Ms. Geng Yanping, a well-educated employee at the Xianyang Airport, went to Beijing to appeal. Shortly after she left Lanzhou City, local officials found out and dispatched an airplane to Beijing ahead of her arrival. Ms. Geng was arrested as soon as she got off the airplane and taken to a labour camp for a term of three years. In the camp she was once handcuffed and kept in a position where she could neither stand or squat, making her very uncomfortable. When guard Wang Li saw this, she took a basin of dirty water that had been used to clean a mop and poured it over her lower body.

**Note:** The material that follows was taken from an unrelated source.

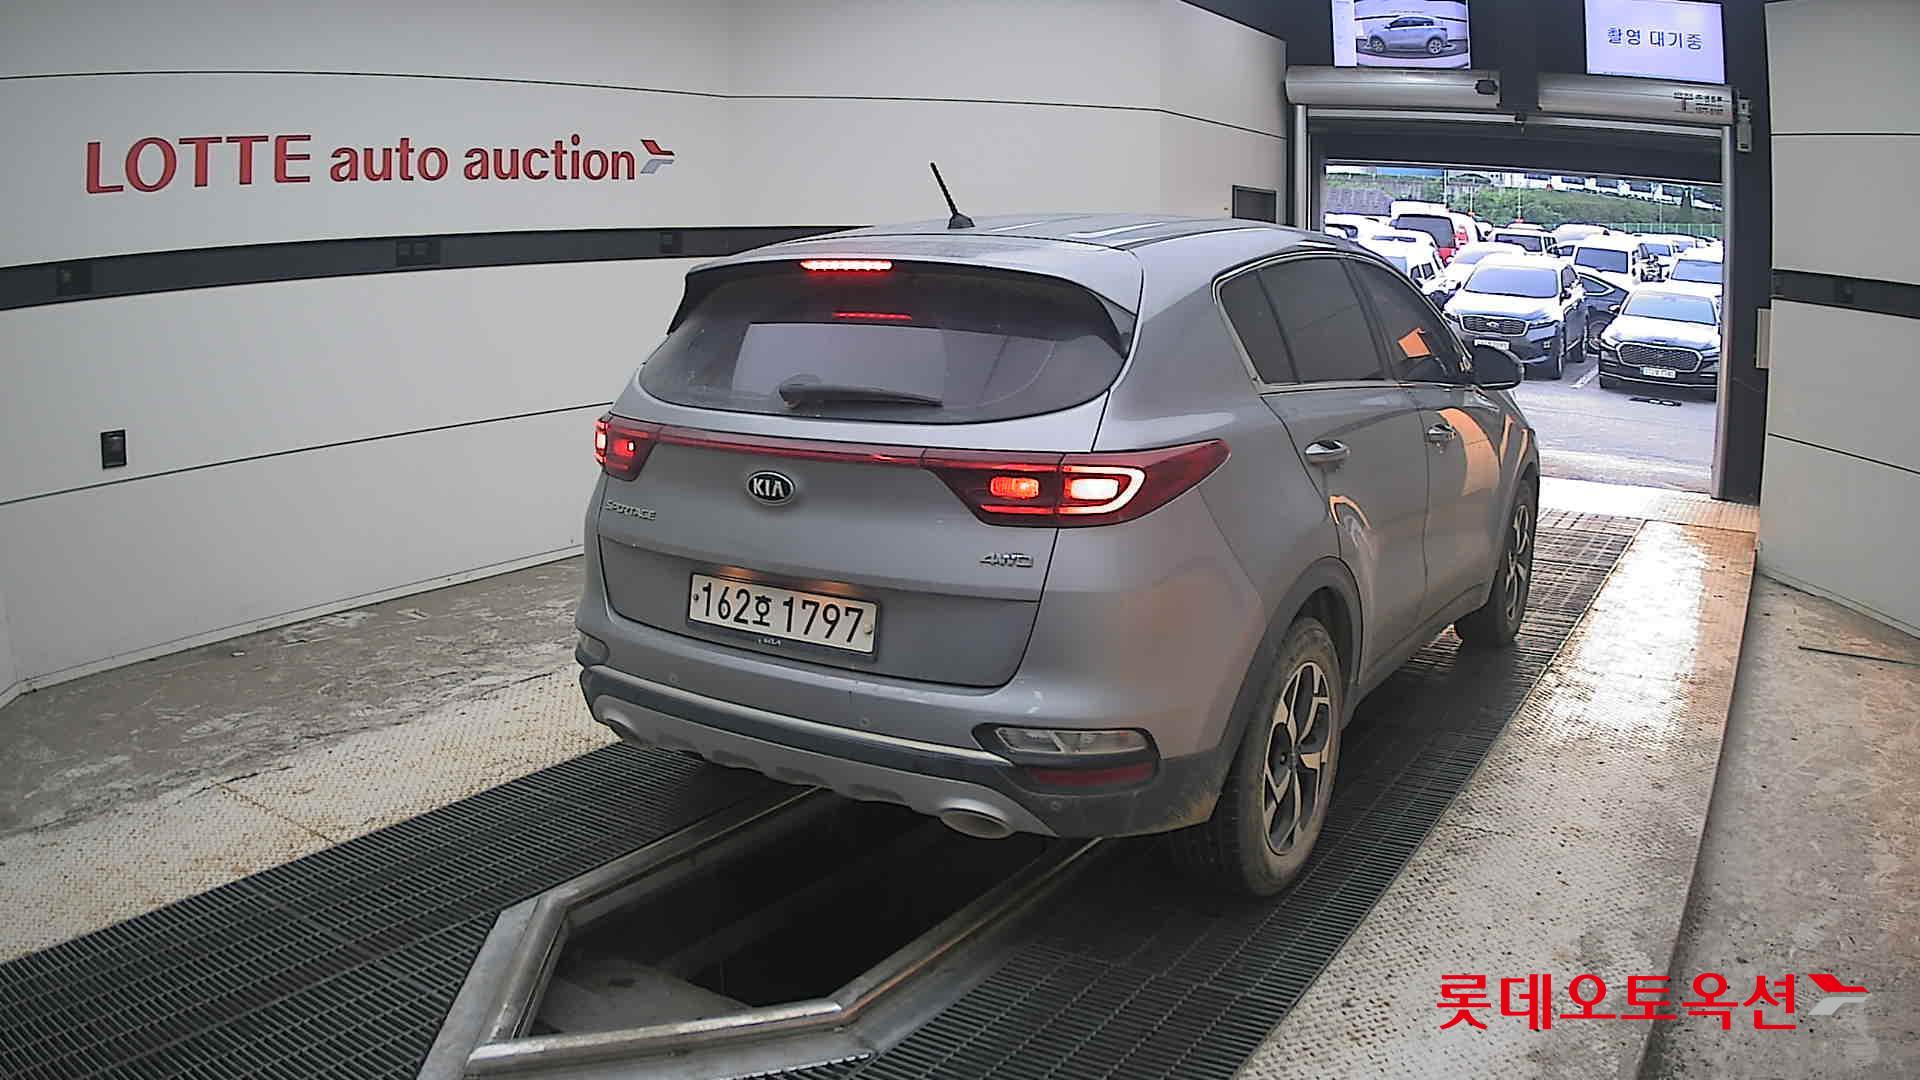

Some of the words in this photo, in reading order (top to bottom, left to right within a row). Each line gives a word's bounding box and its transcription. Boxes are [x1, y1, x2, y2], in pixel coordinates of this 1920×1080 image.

It was the hottest days during the summer; guards handcuffed her for six days and nights.
At 8 a.m. on December 31, 2006, guard Yuan Yuan ordered five drug addicts to push practitioner Ms. Li Jinfeng down and beat her. It was said that they beat her until she lost consciousness, and then poured cold water on her to wake her up. The temperature that day was about minus three degrees.
When guard Liu Fangcui was in charge of meals and sanitation, she was caught adding drugs into practitioners' food. Practitioners refused to eat after this and went on a hunger strike.
In 2008 guard Zhang Xueni ordered drug addicts to torture Ms. Li Nige, a college professor in her 30s. The methods included the Tiger Bench and Riding an Airplane.
Guards put Shanbei Middle School teacher Ms. Zhang into a straight jacket for a long time. She was isolated for a long period, without access to water, while being beaten and sworn at by the drug addicts.
Guard Guo Ni once asked a “guard assistant” candidate (a detainee), “If you act as a guard assistant, you will have fewer work assignments. But the question is, can you be ruthless?” The candidate said, “No problem.” By assisting the guards, the detainees can earn term reductions.
This is just a small sampling of the persecution of Falun Gong practitioners that takes place in Shannxi Women's Forced Labour Camp.